* [WHAT THE TASK ASKS] Without changing a single word, set down all of the records.

(Dataset records)
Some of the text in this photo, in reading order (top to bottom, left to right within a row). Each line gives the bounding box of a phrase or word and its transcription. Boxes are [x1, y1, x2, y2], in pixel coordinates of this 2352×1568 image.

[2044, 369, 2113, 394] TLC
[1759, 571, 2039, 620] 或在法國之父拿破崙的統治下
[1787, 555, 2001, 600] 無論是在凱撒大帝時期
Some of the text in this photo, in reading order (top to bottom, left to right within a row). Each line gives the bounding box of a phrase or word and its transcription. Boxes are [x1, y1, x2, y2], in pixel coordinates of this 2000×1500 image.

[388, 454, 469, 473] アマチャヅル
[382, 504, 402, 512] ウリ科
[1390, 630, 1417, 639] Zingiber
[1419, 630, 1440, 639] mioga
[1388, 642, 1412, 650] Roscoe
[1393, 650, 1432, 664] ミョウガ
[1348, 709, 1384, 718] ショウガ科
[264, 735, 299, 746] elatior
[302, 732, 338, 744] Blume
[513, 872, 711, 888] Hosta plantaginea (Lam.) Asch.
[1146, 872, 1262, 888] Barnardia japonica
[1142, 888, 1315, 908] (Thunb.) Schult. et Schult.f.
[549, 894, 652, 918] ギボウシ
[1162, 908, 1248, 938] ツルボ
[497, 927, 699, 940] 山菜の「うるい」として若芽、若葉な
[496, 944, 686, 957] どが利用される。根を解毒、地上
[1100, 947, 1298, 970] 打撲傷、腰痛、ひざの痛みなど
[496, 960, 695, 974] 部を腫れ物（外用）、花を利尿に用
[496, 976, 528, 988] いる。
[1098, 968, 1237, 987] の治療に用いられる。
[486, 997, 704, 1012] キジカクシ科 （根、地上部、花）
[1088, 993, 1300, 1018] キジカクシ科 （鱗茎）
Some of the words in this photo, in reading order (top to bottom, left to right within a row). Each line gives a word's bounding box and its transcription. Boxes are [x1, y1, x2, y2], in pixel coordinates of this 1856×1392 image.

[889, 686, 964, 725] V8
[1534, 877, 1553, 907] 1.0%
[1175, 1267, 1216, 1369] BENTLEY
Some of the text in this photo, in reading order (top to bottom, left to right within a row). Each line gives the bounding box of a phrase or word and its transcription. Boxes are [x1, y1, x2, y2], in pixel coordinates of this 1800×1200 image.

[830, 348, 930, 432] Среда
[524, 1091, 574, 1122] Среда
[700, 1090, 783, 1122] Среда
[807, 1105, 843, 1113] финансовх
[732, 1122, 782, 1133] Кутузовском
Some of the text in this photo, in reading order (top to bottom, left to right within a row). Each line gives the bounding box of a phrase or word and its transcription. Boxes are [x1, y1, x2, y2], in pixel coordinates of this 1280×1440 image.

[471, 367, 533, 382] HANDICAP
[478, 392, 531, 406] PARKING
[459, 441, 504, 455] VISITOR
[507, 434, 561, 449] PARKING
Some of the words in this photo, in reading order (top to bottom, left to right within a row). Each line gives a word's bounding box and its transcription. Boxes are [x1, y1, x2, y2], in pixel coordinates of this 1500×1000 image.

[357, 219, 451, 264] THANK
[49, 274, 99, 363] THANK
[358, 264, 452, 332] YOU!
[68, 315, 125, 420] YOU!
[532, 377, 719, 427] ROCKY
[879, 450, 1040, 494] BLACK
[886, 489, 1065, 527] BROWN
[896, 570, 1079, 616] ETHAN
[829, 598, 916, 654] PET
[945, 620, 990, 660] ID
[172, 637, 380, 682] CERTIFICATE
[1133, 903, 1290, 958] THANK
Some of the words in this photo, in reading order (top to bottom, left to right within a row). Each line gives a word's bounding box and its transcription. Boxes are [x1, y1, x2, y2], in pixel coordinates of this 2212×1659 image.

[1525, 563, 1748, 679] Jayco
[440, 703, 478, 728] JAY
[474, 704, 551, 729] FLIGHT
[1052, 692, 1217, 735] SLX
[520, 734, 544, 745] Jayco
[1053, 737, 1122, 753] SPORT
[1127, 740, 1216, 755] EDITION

* [OUTPUT BELOW]
Some of the text in this photo, in reading order (top to bottom, left to right within a row). Each line gives the bounding box of a phrase or word and its transcription. Boxes are [x1, y1, x2, y2], in pixel coordinates of this 2352×1568 image.

[2044, 369, 2113, 394] TLC
[1759, 571, 2039, 620] 或在法國之父拿破崙的統治下
[1787, 555, 2001, 600] 無論是在凱撒大帝時期
Some of the text in this photo, in reading order (top to bottom, left to right within a row). Each line gives the bounding box of a phrase or word and its transcription. Boxes are [x1, y1, x2, y2], in pixel coordinates of this 2000×1500 image.

[388, 454, 469, 473] アマチャヅル
[382, 504, 402, 512] ウリ科
[1390, 630, 1417, 639] Zingiber
[1419, 630, 1440, 639] mioga
[1388, 642, 1412, 650] Roscoe
[1393, 650, 1432, 664] ミョウガ
[1348, 709, 1384, 718] ショウガ科
[264, 735, 299, 746] elatior
[302, 732, 338, 744] Blume
[513, 872, 711, 888] Hosta plantaginea (Lam.) Asch.
[1146, 872, 1262, 888] Barnardia japonica
[1142, 888, 1315, 908] (Thunb.) Schult. et Schult.f.
[549, 894, 652, 918] ギボウシ
[1162, 908, 1248, 938] ツルボ
[497, 927, 699, 940] 山菜の「うるい」として若芽、若葉な
[496, 944, 686, 957] どが利用される。根を解毒、地上
[1100, 947, 1298, 970] 打撲傷、腰痛、ひざの痛みなど
[496, 960, 695, 974] 部を腫れ物（外用）、花を利尿に用
[496, 976, 528, 988] いる。
[1098, 968, 1237, 987] の治療に用いられる。
[486, 997, 704, 1012] キジカクシ科 （根、地上部、花）
[1088, 993, 1300, 1018] キジカクシ科 （鱗茎）
Some of the words in this photo, in reading order (top to bottom, left to right within a row). Each line gives a word's bounding box and its transcription. Boxes are [x1, y1, x2, y2], in pixel coordinates of this 1856×1392 image.

[889, 686, 964, 725] V8
[1534, 877, 1553, 907] 1.0%
[1175, 1267, 1216, 1369] BENTLEY
Some of the text in this photo, in reading order (top to bottom, left to right within a row). Each line gives the bounding box of a phrase or word and its transcription. Boxes are [x1, y1, x2, y2], in pixel coordinates of this 1800×1200 image.

[830, 348, 930, 432] Среда
[524, 1091, 574, 1122] Среда
[700, 1090, 783, 1122] Среда
[807, 1105, 843, 1113] финансовх
[732, 1122, 782, 1133] Кутузовском
Some of the text in this photo, in reading order (top to bottom, left to right within a row). Each line gives the bounding box of a phrase or word and its transcription. Boxes are [x1, y1, x2, y2], in pixel coordinates of this 1280×1440 image.

[471, 367, 533, 382] HANDICAP
[478, 392, 531, 406] PARKING
[459, 441, 504, 455] VISITOR
[507, 434, 561, 449] PARKING
Some of the words in this photo, in reading order (top to bottom, left to right within a row). Each line gives a word's bounding box and its transcription. Boxes are [x1, y1, x2, y2], in pixel coordinates of this 1500×1000 image.

[357, 219, 451, 264] THANK
[49, 274, 99, 363] THANK
[358, 264, 452, 332] YOU!
[68, 315, 125, 420] YOU!
[532, 377, 719, 427] ROCKY
[879, 450, 1040, 494] BLACK
[886, 489, 1065, 527] BROWN
[896, 570, 1079, 616] ETHAN
[829, 598, 916, 654] PET
[945, 620, 990, 660] ID
[172, 637, 380, 682] CERTIFICATE
[1133, 903, 1290, 958] THANK
Some of the words in this photo, in reading order (top to bottom, left to right within a row). Each line gives a word's bounding box and its transcription. Boxes are [x1, y1, x2, y2], in pixel coordinates of this 2212×1659 image.

[1525, 563, 1748, 679] Jayco
[440, 703, 478, 728] JAY
[474, 704, 551, 729] FLIGHT
[1052, 692, 1217, 735] SLX
[520, 734, 544, 745] Jayco
[1053, 737, 1122, 753] SPORT
[1127, 740, 1216, 755] EDITION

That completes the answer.